Recorded information:

***

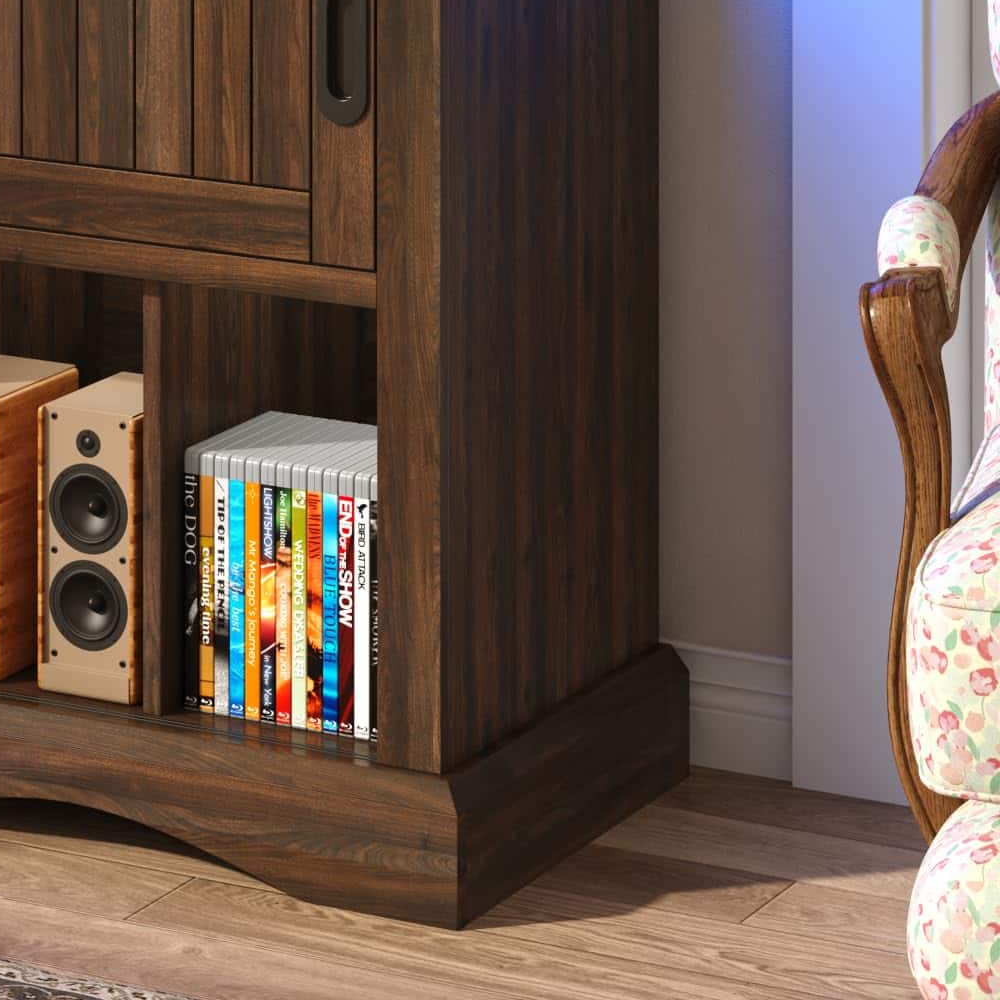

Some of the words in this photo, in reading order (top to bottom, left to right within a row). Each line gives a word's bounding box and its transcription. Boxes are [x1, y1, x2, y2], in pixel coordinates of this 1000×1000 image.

[184, 474, 198, 508] the
[279, 490, 288, 508] Joe
[217, 496, 225, 522] TIP
[263, 487, 273, 560] LIGHTSHOW
[338, 500, 353, 538] END
[184, 515, 197, 565] DOG
[217, 524, 225, 544] OF
[338, 537, 347, 551] OF
[357, 523, 366, 547] BIRD
[201, 547, 212, 607] evening
[217, 549, 225, 577] THE
[294, 539, 305, 606] WEDDING
[324, 554, 337, 600] BLUE
[338, 551, 347, 569] THE
[357, 550, 366, 591] ATTACK
[338, 568, 353, 628] SHOW
[202, 611, 212, 645] time
[324, 605, 337, 663] TOUCH
[263, 664, 272, 685] New
[263, 688, 272, 706] York
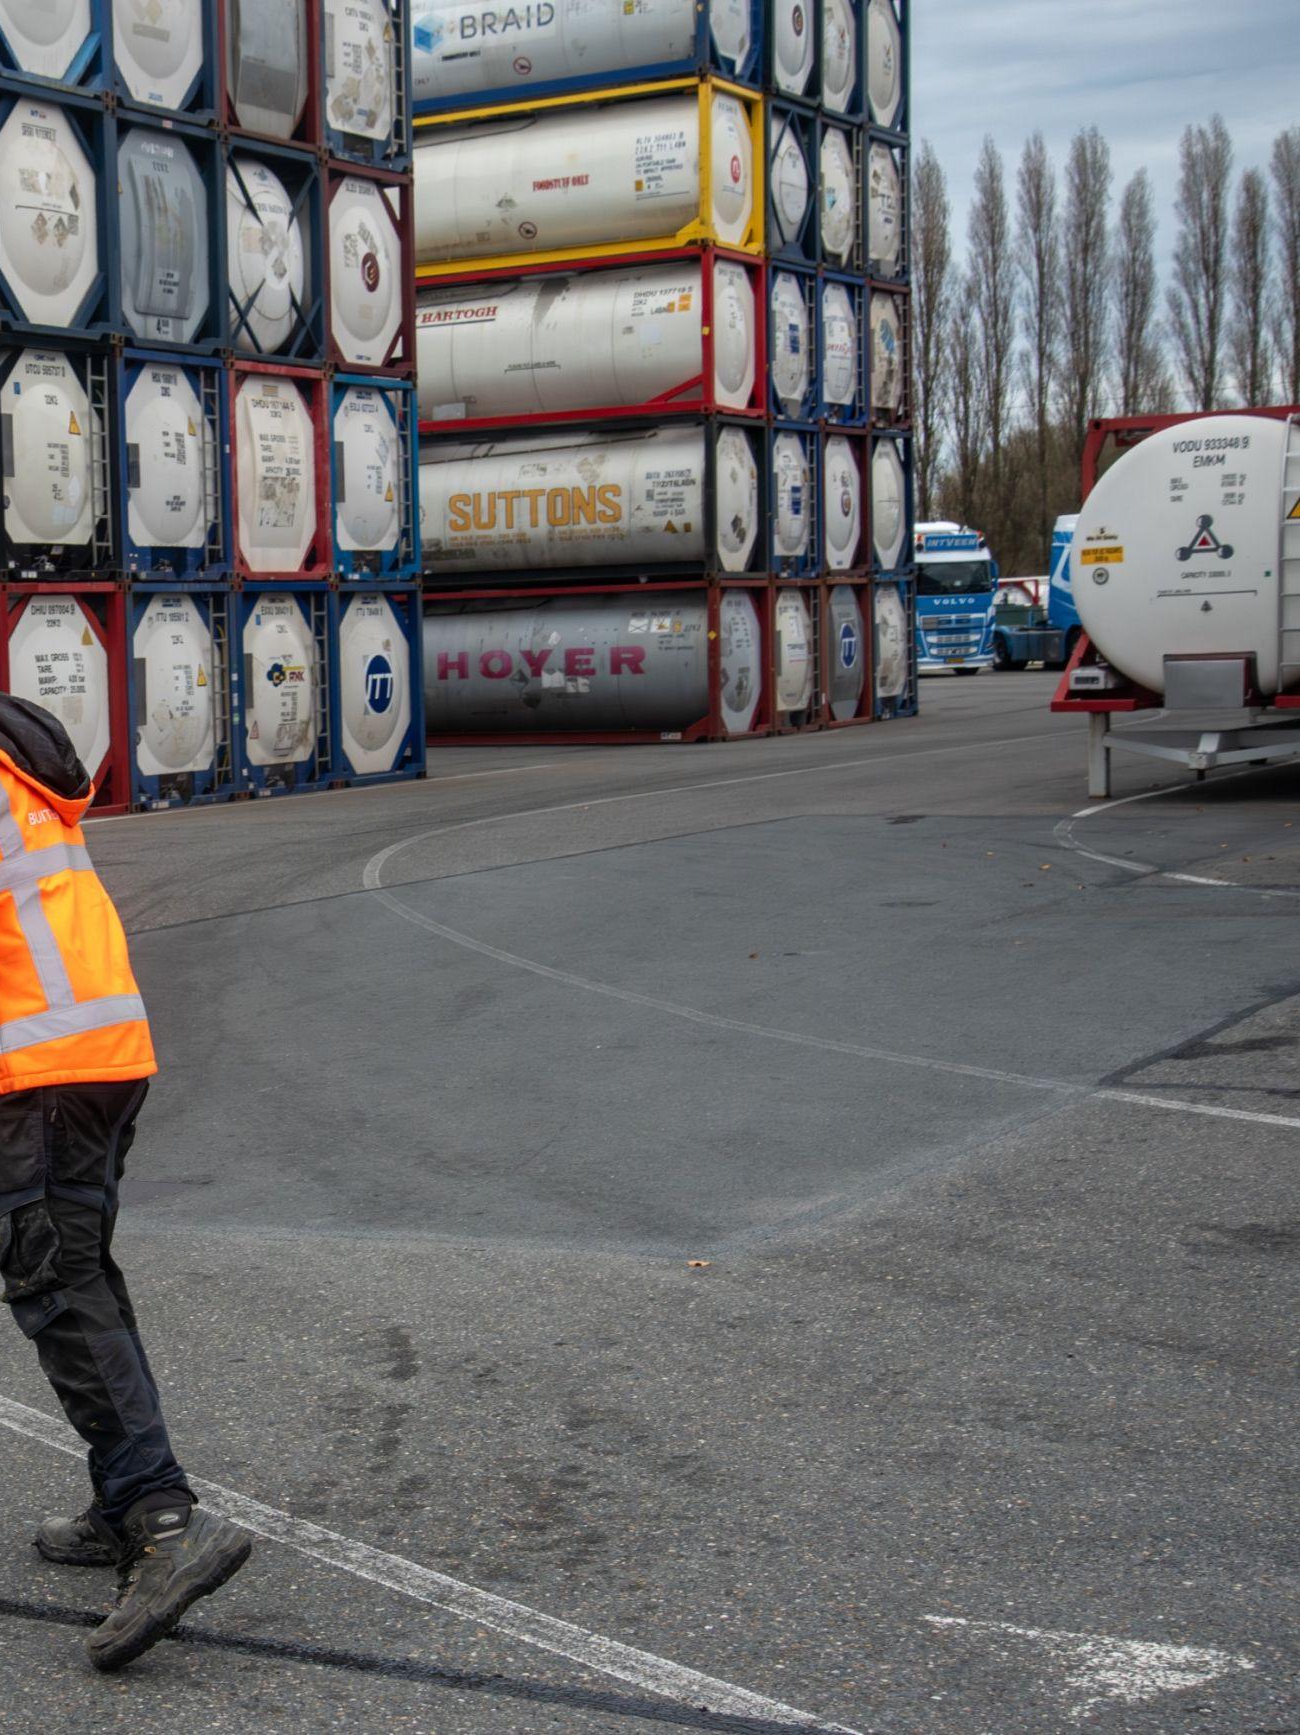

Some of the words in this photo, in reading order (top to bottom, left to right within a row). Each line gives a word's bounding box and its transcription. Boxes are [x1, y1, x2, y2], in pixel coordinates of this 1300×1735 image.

[460, 3, 555, 39] BRAID
[420, 306, 498, 324] HARTOGH
[1172, 440, 1202, 453] VODU
[1204, 437, 1241, 451] 933348
[1193, 454, 1226, 468] EMKM
[450, 483, 622, 532] SUTTONS
[933, 597, 976, 605] VOLVO
[437, 646, 646, 681] HOYER

***

Required work: Repeat each line above exactly as it reads, omitting any pictures.

Output below:
Some of the words in this photo, in reading order (top to bottom, left to right within a row). Each line gives a word's bounding box and its transcription. Boxes are [x1, y1, x2, y2], in pixel coordinates of this 1000×1000 image.

[184, 474, 198, 508] the
[279, 490, 288, 508] Joe
[217, 496, 225, 522] TIP
[263, 487, 273, 560] LIGHTSHOW
[338, 500, 353, 538] END
[184, 515, 197, 565] DOG
[217, 524, 225, 544] OF
[338, 537, 347, 551] OF
[357, 523, 366, 547] BIRD
[201, 547, 212, 607] evening
[217, 549, 225, 577] THE
[294, 539, 305, 606] WEDDING
[324, 554, 337, 600] BLUE
[338, 551, 347, 569] THE
[357, 550, 366, 591] ATTACK
[338, 568, 353, 628] SHOW
[202, 611, 212, 645] time
[324, 605, 337, 663] TOUCH
[263, 664, 272, 685] New
[263, 688, 272, 706] York

Some of the words in this photo, in reading order (top to bottom, left to right within a row). Each line gives a word's bounding box and its transcription. Boxes are [x1, y1, x2, y2], in pixel coordinates of this 1300×1735 image.

[460, 3, 555, 39] BRAID
[420, 306, 498, 324] HARTOGH
[1172, 440, 1202, 453] VODU
[1204, 437, 1241, 451] 933348
[1193, 454, 1226, 468] EMKM
[450, 483, 622, 532] SUTTONS
[933, 597, 976, 605] VOLVO
[437, 646, 646, 681] HOYER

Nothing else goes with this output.